One of my biggest pet peeves about PR is the “fake reply.” This is a tactic wherein a PR person sends a follow-up email with “Re:” in the subject line, making it appear that we have an existing relationship and that they’re replying to an email from me. I first noticed the practice two or three years ago, and I’ve spoken with other journalists who have seen it as well.

I’ve long wondered how this gimmick came about. I pictured an oily Gollum-like creature crawling out from under a rock somewhere, slithering up to a keyboard and sending this: “SECRET REVEALED! SIMPLE EMAIL TRICK GUARANTEED TO BOOST YOUR OPEN RATES!!!” Followed up, of course, with: “Re: SECRET REVEALED! SIMPLE EMAIL TRICK GUARANTEED TO BOOST YOUR OPEN RATES!!!”

However, on the few occasions when I’ve complained to senders about the tactic, no one mentioned this mythical creature. Instead, here are some typical responses:

  • “Thanks Steve, it’s an artifact of my replying to my own message to keep them joined. I apologize if it was misleading, thanks for the tip. There’s certainly a better way to achieve the same end.”
  • “I really appreciate this feedback, Steve. I never knew that was a journalist pet peeve. I’ll pass that along to my colleagues.”
  • “Apologies for this incident and thank you for the feedback. I have not had too much experience in dealing with new media contacts as I’m fairly new in the field, and your feedback is very helpful.
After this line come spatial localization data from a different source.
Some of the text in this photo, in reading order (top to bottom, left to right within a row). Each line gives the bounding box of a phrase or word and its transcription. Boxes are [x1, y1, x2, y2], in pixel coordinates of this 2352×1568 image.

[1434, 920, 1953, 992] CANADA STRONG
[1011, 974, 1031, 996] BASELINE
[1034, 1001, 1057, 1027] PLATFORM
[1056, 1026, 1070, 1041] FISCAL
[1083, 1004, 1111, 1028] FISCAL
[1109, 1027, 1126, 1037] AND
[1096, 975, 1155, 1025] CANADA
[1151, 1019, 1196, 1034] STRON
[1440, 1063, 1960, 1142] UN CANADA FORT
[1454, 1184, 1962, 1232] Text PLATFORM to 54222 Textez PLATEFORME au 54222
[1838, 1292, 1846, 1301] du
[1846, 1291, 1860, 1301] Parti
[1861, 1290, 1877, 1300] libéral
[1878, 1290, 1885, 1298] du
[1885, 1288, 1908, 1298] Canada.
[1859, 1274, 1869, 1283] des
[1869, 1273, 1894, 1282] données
It’s always great to learn new things and I have noted this down for future references.”

The most interesting response came when I received one too many “fake replies” from an agency that seemed to employ the tactic with particular zeal. The original email came from a staffer named “Laura,” and my genuine reply was as follows: “Using ‘Re:’ in a subject line when it’s not actually a reply is a deceptive marketing practice aimed at fooling recipients into thinking that they have a previous relationship with the sender . . .  In the past year or two, [your agency] seems to have adopted this as standard operating procedure.”
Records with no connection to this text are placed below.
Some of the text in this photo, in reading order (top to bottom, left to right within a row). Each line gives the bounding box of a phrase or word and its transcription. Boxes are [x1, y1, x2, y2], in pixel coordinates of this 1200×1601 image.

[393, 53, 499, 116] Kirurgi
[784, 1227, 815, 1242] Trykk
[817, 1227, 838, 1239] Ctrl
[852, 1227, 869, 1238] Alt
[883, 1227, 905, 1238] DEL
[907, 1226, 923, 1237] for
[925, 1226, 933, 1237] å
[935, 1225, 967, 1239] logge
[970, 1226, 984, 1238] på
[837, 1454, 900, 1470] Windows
I cc’d the agency’s CEO, and it appears I got their attention. Here’s the response from the agency’s general manager: “I saw this chain and just wanted to apologize. You are right. The ‘RE’ in the subject line is deceiving and I will address this with Laura.”

Ah-ha! So “Laura” was a rogue employee who came up with the devious tactic entirely on her own, and SHE WILL BE DEALT WITH. Was I happy? Not exactly. . .
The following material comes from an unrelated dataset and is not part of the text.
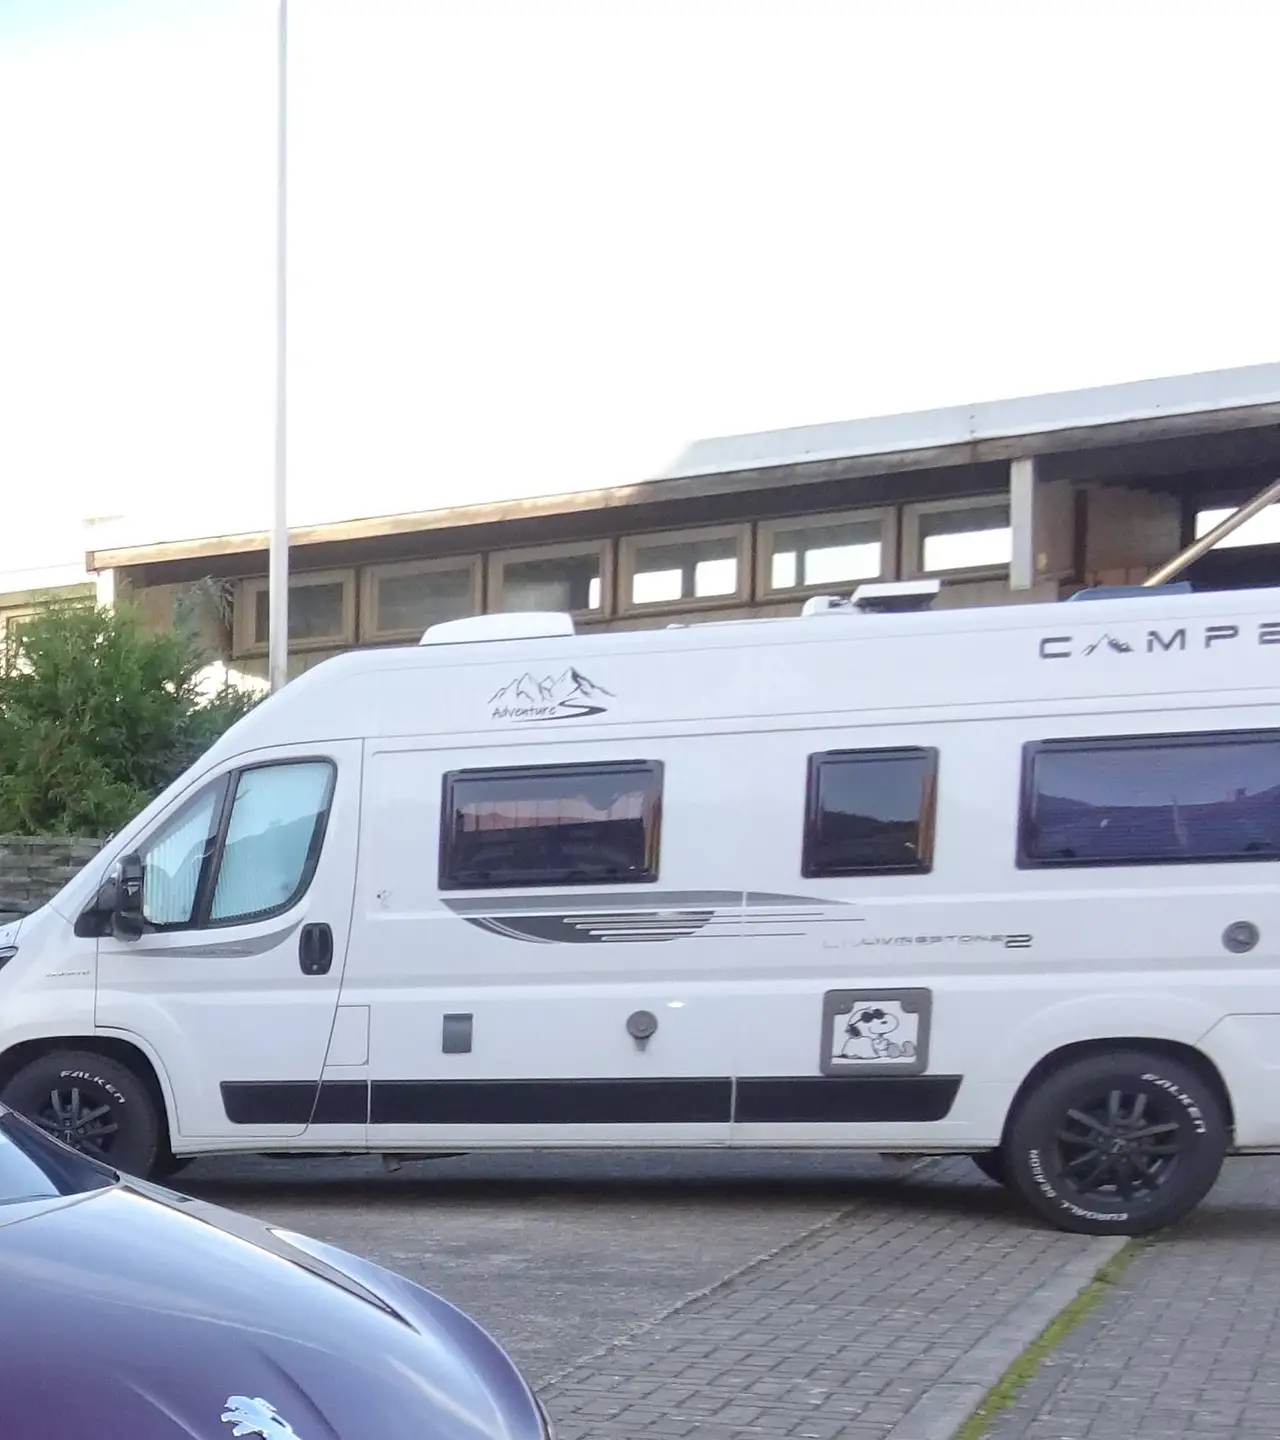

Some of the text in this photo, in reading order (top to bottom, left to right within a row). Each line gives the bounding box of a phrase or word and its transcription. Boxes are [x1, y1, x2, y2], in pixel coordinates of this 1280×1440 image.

[491, 703, 557, 719] Adventure
[60, 1070, 126, 1103] FALKEN
[1141, 1073, 1207, 1133] FALKEN
“Thanks for your note,” I wrote back. “The use of ‘Re:’ in subject lines seems to be a systematic practice at your agency, not just one staff person. In recent months, I have received at least eight from Candace Xxxxx, five from Whitney Xxxxx, three from Fiona Xxxxx and one each from Jackie Xxxxx and Michael Xxxxx. I’ve only received a couple of them from Laura.”

Poor Laura sent just two of these, and here she was taking a hit for the entire team.

Apparently, this is an age-old tactic among email spammers, but I’m still no closer to learning how it became so widespread within the PR business. Based on my limited inquiries, it seems to have arisen spontaneously through some sort of mysterious neurological phenomenon as young PR practitioners meditated on the question of how to construct a good subject line. But I’m also open to other theories, up to and including the possibility of extraterrestrial origin.

However it originated, it’s another practice that makes the entire profession look bad. “It’s actually hilarious, because you look at it and think, ‘I’ve never talked to this person in my life,'” remarked Los Angeles Times deputy business editor Joel Bel Bruno. “And then it’s kind of insulting that you’d put in ‘Re:’ as if it’s an actual reply.”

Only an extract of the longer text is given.